● Task to complete
From the line that includes "Some of the words" to the last line of the data, quote each line precisely; both boundary lines belong in the answer.

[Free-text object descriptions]
□ □ □ □

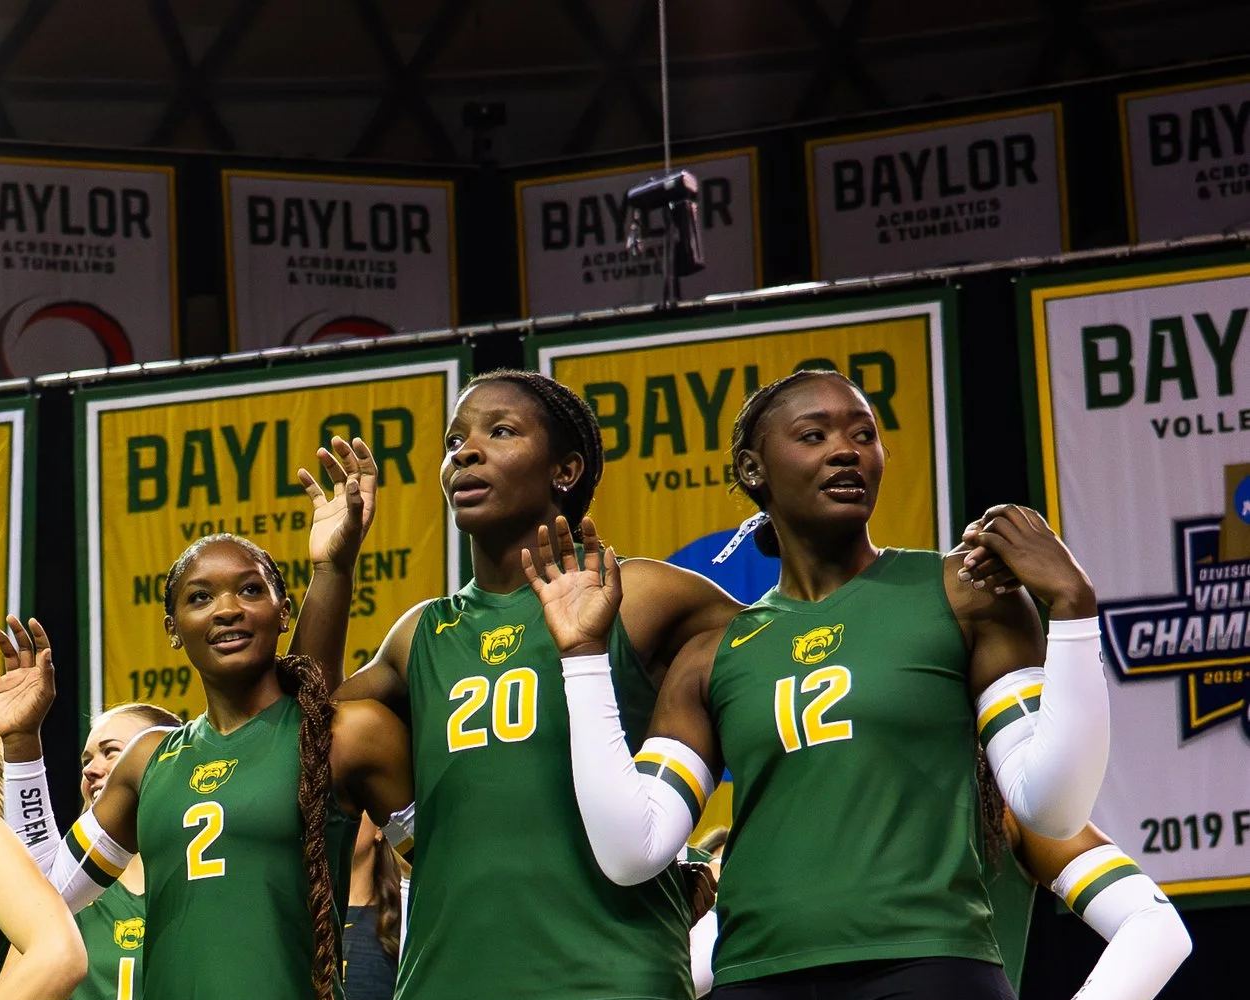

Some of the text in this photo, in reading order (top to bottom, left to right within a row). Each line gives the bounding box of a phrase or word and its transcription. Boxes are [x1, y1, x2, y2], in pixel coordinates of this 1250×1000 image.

[834, 133, 1038, 211] BAYLOR
[248, 195, 432, 254] BAYLOR
[876, 198, 1000, 228] ACROBATICS
[898, 214, 1000, 241] TUMBLING
[2, 239, 116, 259] ACROBATICS
[21, 256, 116, 274] TUMBLING
[286, 256, 397, 275] ACROBATICS
[306, 273, 396, 290] TUMBLING
[584, 350, 900, 465] BAYR
[129, 667, 191, 700] 1999
[447, 666, 538, 753] 20
[774, 665, 853, 753] 12
[182, 801, 226, 881] 2
[1140, 812, 1223, 854] 2019
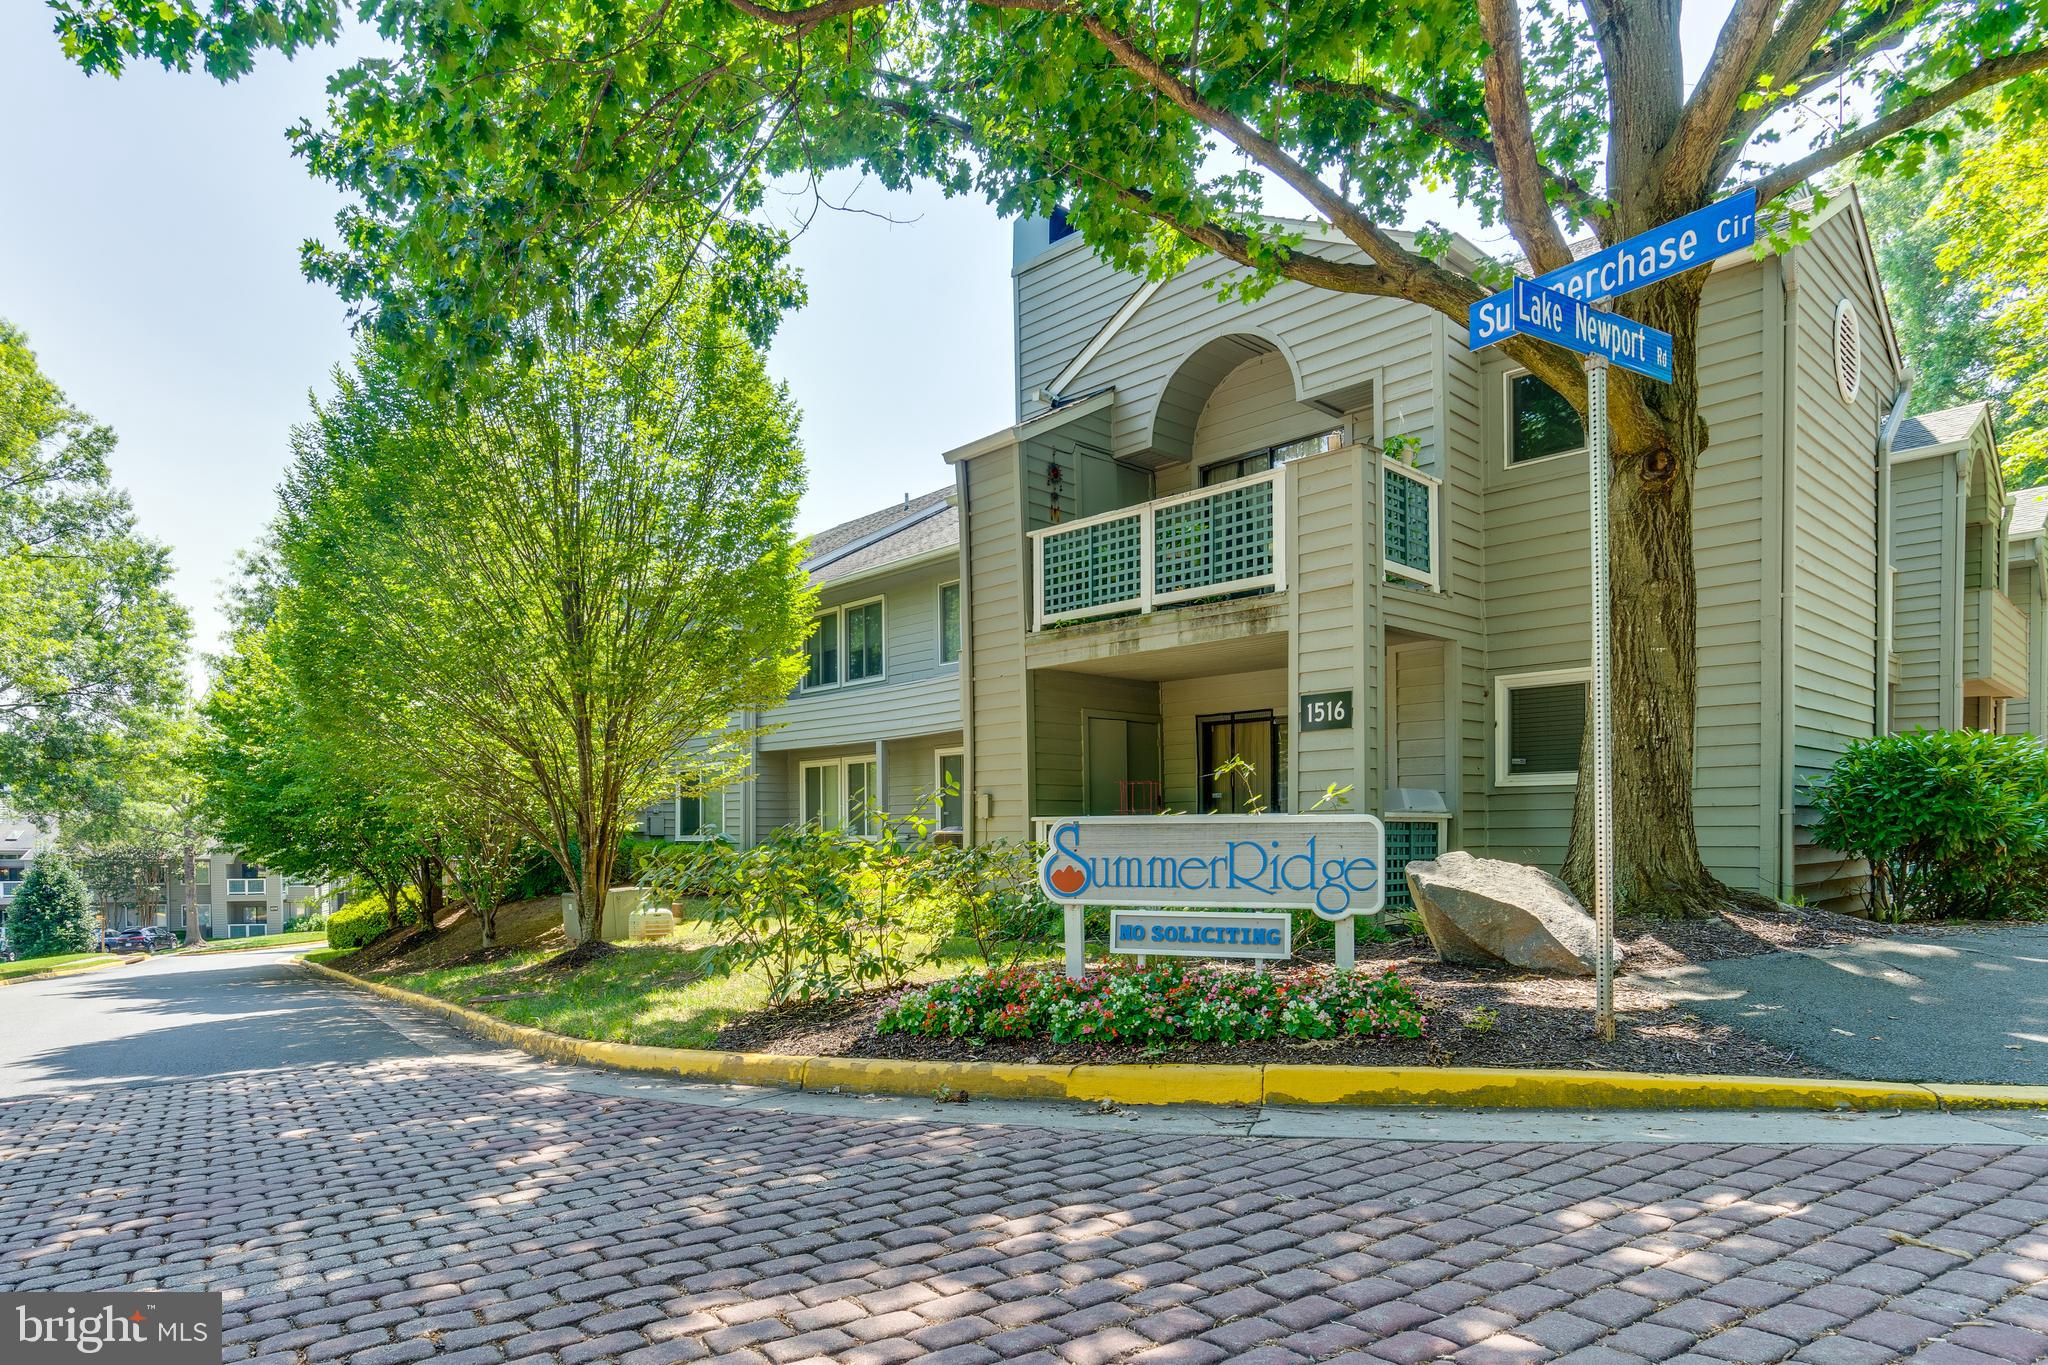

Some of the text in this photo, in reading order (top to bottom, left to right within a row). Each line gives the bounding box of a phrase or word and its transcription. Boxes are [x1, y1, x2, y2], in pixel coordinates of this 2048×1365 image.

[1478, 214, 1752, 338] Suerchase Cir
[1519, 281, 1668, 368] Lake Newport Rd
[1307, 700, 1345, 723] 1516
[1046, 820, 1377, 914] SummerRidge
[1119, 924, 1281, 946] NO SOLICITING
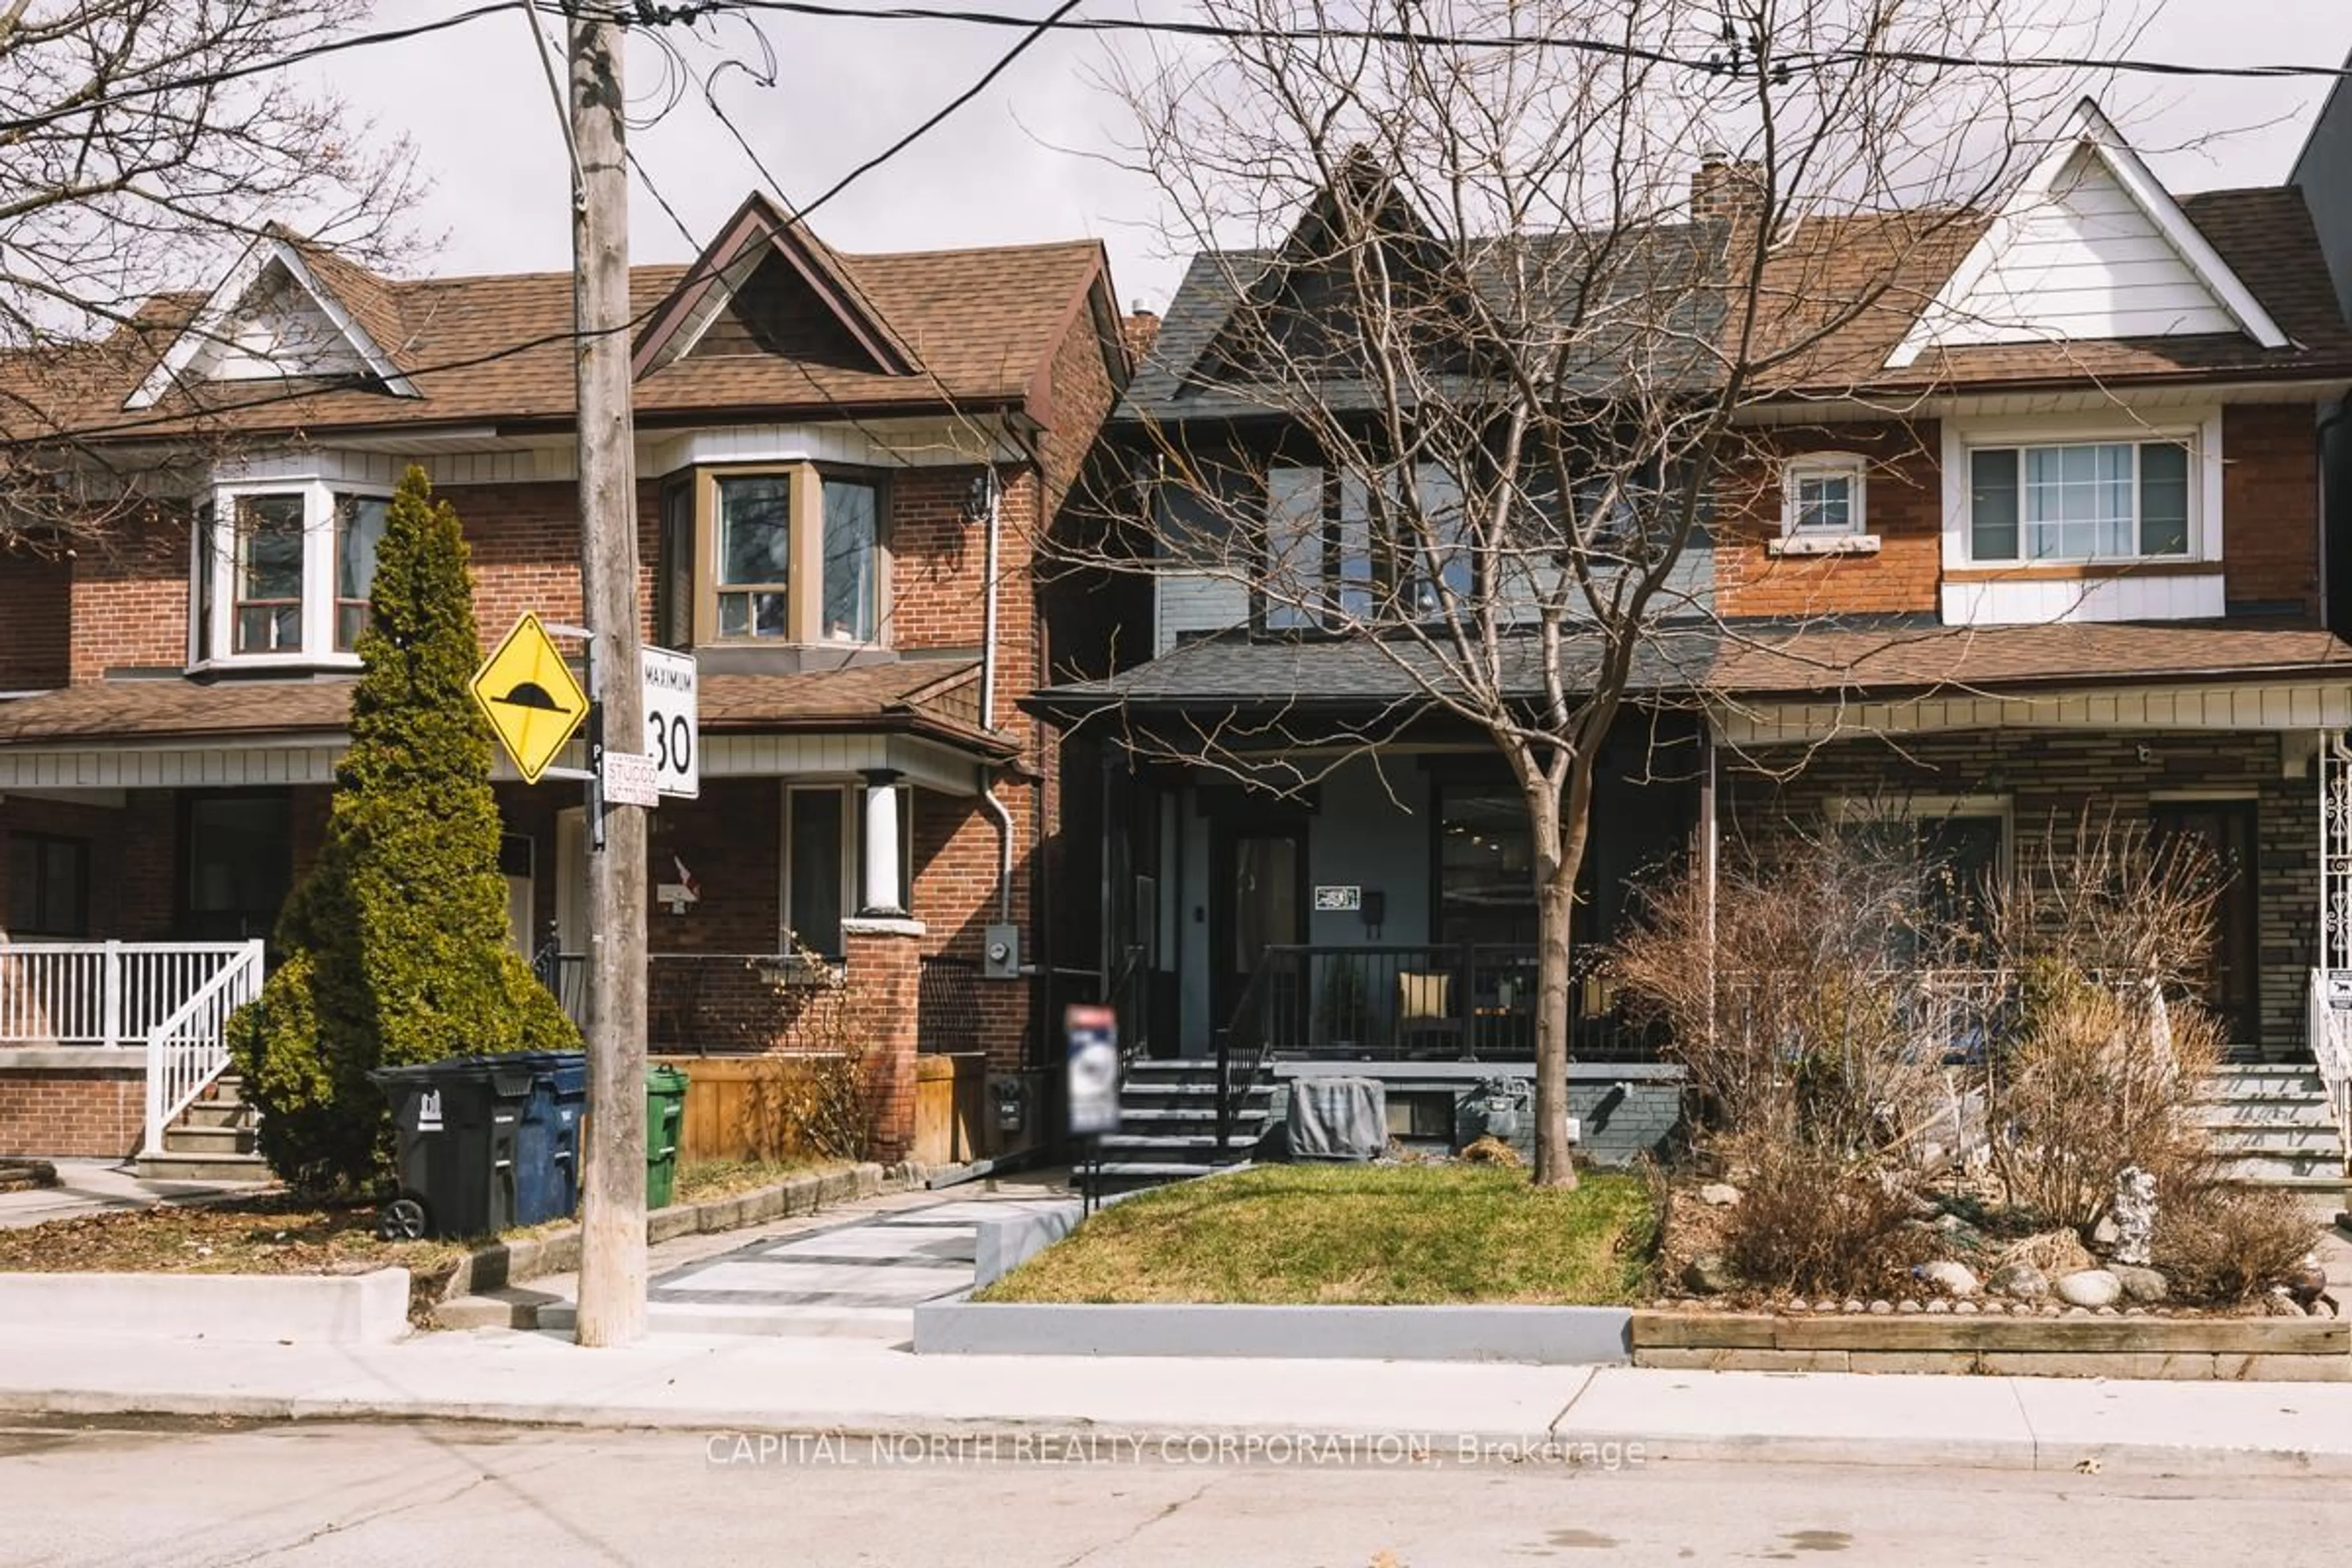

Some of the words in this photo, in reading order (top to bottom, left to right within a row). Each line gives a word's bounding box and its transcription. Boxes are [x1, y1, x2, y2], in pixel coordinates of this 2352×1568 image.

[645, 666, 691, 692] MAXIMUM
[649, 711, 690, 774] 30
[609, 763, 658, 783] STUCCO

□ □ □ □

● Answer to this task
Some of the words in this photo, in reading order (top to bottom, left to right within a row). Each line gives a word's bounding box and its transcription. Boxes are [x1, y1, x2, y2], in pixel coordinates of this 2352×1568 image.

[645, 666, 691, 692] MAXIMUM
[649, 711, 690, 774] 30
[609, 763, 658, 783] STUCCO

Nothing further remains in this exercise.